Step 1: Luffy interacts with e-mail application like Gmail, outlook, etc. Writes his email to send. (This happens in Layer 7: Application layer)
Step 2: Mail application prepares for data transmission like encrypting data and formatting it for transmission. (This happens in Layer 6: Presentation Layer)
Step 3: There is a connection established between the sender and receiver on the internet. (This happens in Layer 5: Session Layer)
Step 4: Email data is broken into smaller segments. It adds sequence number and error-checking information to maintain the reliability of the information. (This happens in Layer 4: Transport Layer)
Step 5: Addressing of packets is done in order to find the best route for transfer. (This happens in Layer 3: Network Layer)
Step 6: Data packets are encapsulated into frames, then MAC address is added for local devices and then it checks for error using error detection. (This happens in Layer 2: Data Link Layer)
Step 7: Lastly Frames are transmitted in the form of electrical/ optical signals over a physical network medium like ethernet cable or WiFi.

• After the email reaches the receiver i.e. Zoro, the process will reverse and decrypt the e-mail content.
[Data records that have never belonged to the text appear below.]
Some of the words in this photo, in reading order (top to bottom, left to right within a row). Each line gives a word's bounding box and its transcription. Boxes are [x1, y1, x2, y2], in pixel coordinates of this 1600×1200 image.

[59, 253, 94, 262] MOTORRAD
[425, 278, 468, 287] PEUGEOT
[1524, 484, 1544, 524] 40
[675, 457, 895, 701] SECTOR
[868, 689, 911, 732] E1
At last, the email will be shown on Zoro’s email client.

Network Classification by Geography

Networks can be classified based on their geographical scope:

LAN (Local Area Network): Covers a small area, such as a room or building.
WAN (Wide Area Network): Spans a large geographical area, like the internet.
MAN (Metropolitan Area Network): Covers a city or metropolitan area.
CAN (Campus Area Network): Connects networks within a campus or office complex.
PAN (Personal Area Network): Covers a small personal space, like Bluetooth connections.

Switches and Routers

Switches and routers are essential networking devices:

Switches: Connect devices within a LAN, enabling resource sharing.

Routers: Connect multiple networks, facilitating communication between them.
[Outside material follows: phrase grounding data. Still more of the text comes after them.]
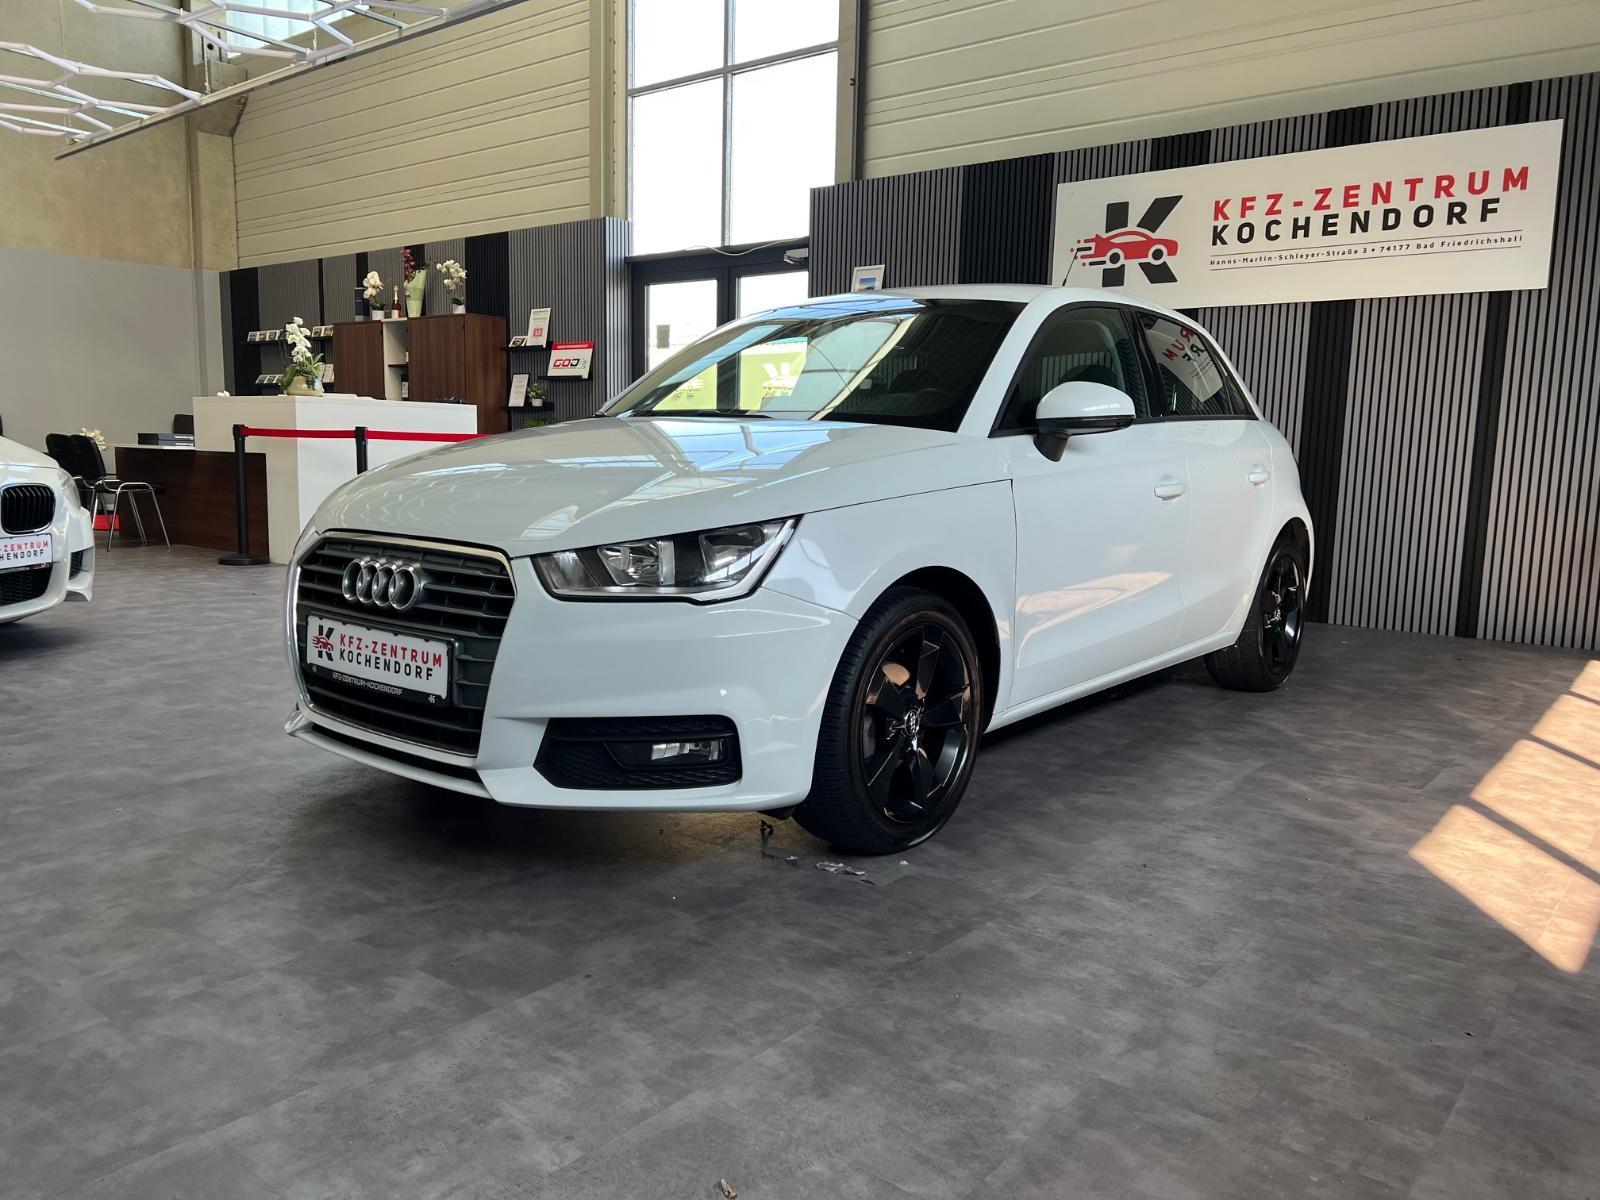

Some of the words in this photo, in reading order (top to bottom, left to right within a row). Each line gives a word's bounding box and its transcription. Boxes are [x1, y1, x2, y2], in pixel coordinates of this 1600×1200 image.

[1213, 166, 1529, 222] KFZ-ZENTRUM
[1211, 198, 1501, 246] KOCHENDORF
[1210, 248, 1359, 266] Hanns-Martin-Schleyer-Straße
[1380, 244, 1411, 253] 74177
[1416, 241, 1435, 250] Bad
[1441, 235, 1524, 247] Friedrichshall
[340, 633, 442, 667] KFZ-ZENTRUM
[340, 648, 433, 681] KOCHENDORF
Home and Corporate Networks

Understanding home networks helps grasp the basics of networking. Home networks typically include a router that connects to the internet and a switch to connect devices within the home.

Corporate networks are more complex, with multiple switches, routers, and firewalls for security. They often have multiple internet service providers and are divided into subnets for better organization and management.

Protocols

Protocols are rules governing data transmission and reception. They define data format, timing, sequencing, and error checking. Each service running on a computer has a port number associated with a specific protocol.
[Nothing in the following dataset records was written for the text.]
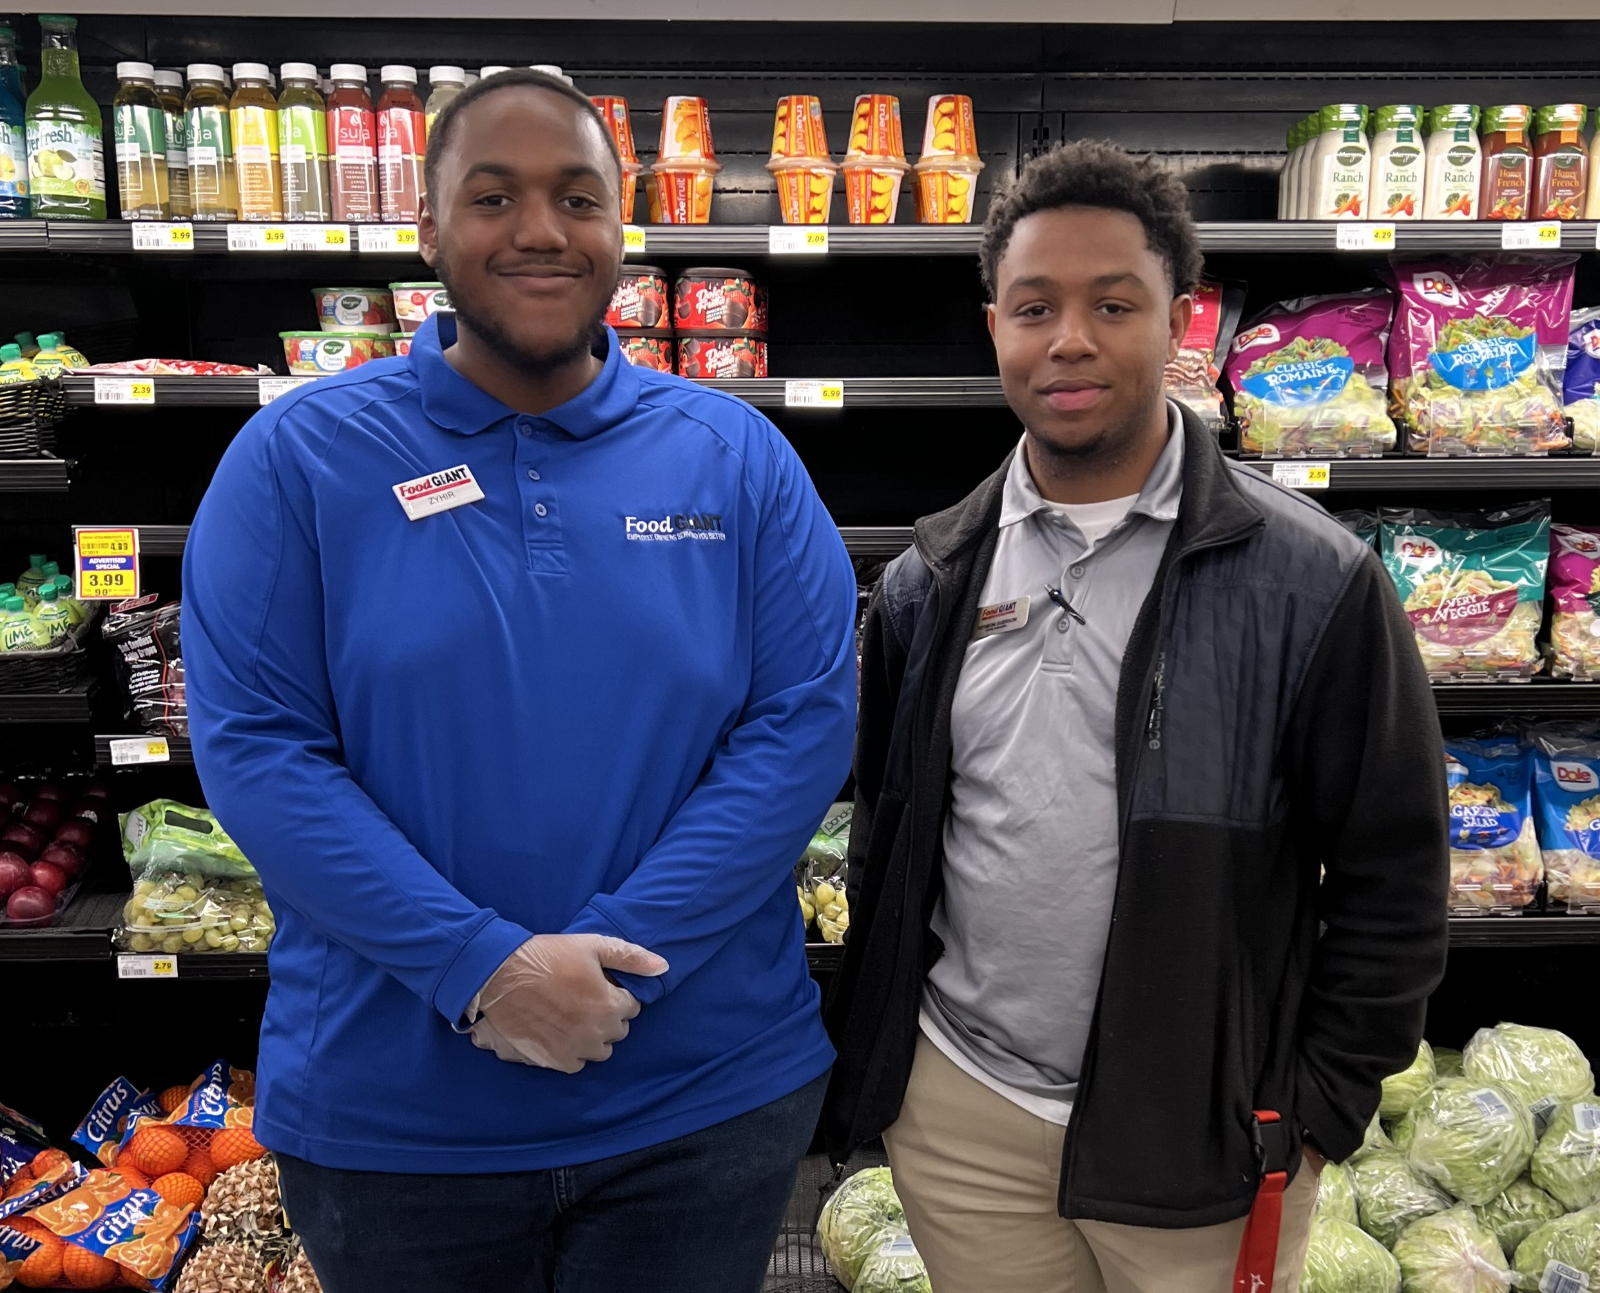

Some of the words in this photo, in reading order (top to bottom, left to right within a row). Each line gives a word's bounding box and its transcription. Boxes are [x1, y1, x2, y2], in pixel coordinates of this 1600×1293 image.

[340, 127, 370, 143] suja
[879, 104, 890, 150] truefruit
[1333, 172, 1364, 182] Ranch
[1386, 172, 1417, 182] Ranch
[1444, 172, 1474, 182] Ranch
[1498, 178, 1525, 186] French
[1552, 178, 1580, 186] French
[928, 177, 938, 222] ruefruit
[266, 232, 284, 240] 3.99
[1423, 278, 1452, 294] Dole
[1238, 326, 1272, 346] Dole
[1458, 336, 1507, 352] CLASSIC
[1452, 343, 1518, 366] ROMAINE
[1264, 363, 1335, 386] ROMAINE
[1274, 360, 1322, 374] CLASSIC
[399, 479, 432, 496] Food
[432, 468, 468, 486] GIANT
[428, 491, 456, 505] ZYHIR
[625, 516, 674, 532] Food
[674, 514, 722, 532] GIANT
[1402, 542, 1436, 556] Dole
[90, 574, 124, 586] 3.99
[1446, 594, 1477, 608] VERY
[1435, 601, 1490, 622] VEGGIE
[47, 617, 70, 638] IME
[5, 626, 33, 650] LIME
[1557, 766, 1591, 780] Dole
[1452, 804, 1500, 818] GARDEN
[1462, 816, 1498, 828] SALAD
[200, 1063, 224, 1116] Citrus
[88, 1083, 128, 1142] Citrus
[96, 1192, 148, 1244] Citrus
[0, 1225, 36, 1250] trus
• Tomcat service, which is an application, a Web application service, wants to communicate with a MySQL server to store some data.
• A Tomcat server is going to send traffic to the destination IP address of my SQL Server and the port number of the service, 3306 That's the default port for MySQL That's how the Tomcat will have an assurity that it is going to reach to the MySQL server.

Networking Commands

Several networking commands are useful for troubleshooting and network management:

• ifconfig or ip addr show: Displays active network interfaces.
• ping: Tests connectivity to a remote host.
• tracert: Traces the route to a remote host.
• netstat or ss: Shows open TCP ports.
• dig or nslookup: Performs DNS lookups.
• route: Displays routing tables.
• arp: Manages the ARP cache.
• mtr: Combines ping and traceroute functionality.
• telnet: Tests connectivity to a specific port on a remote host.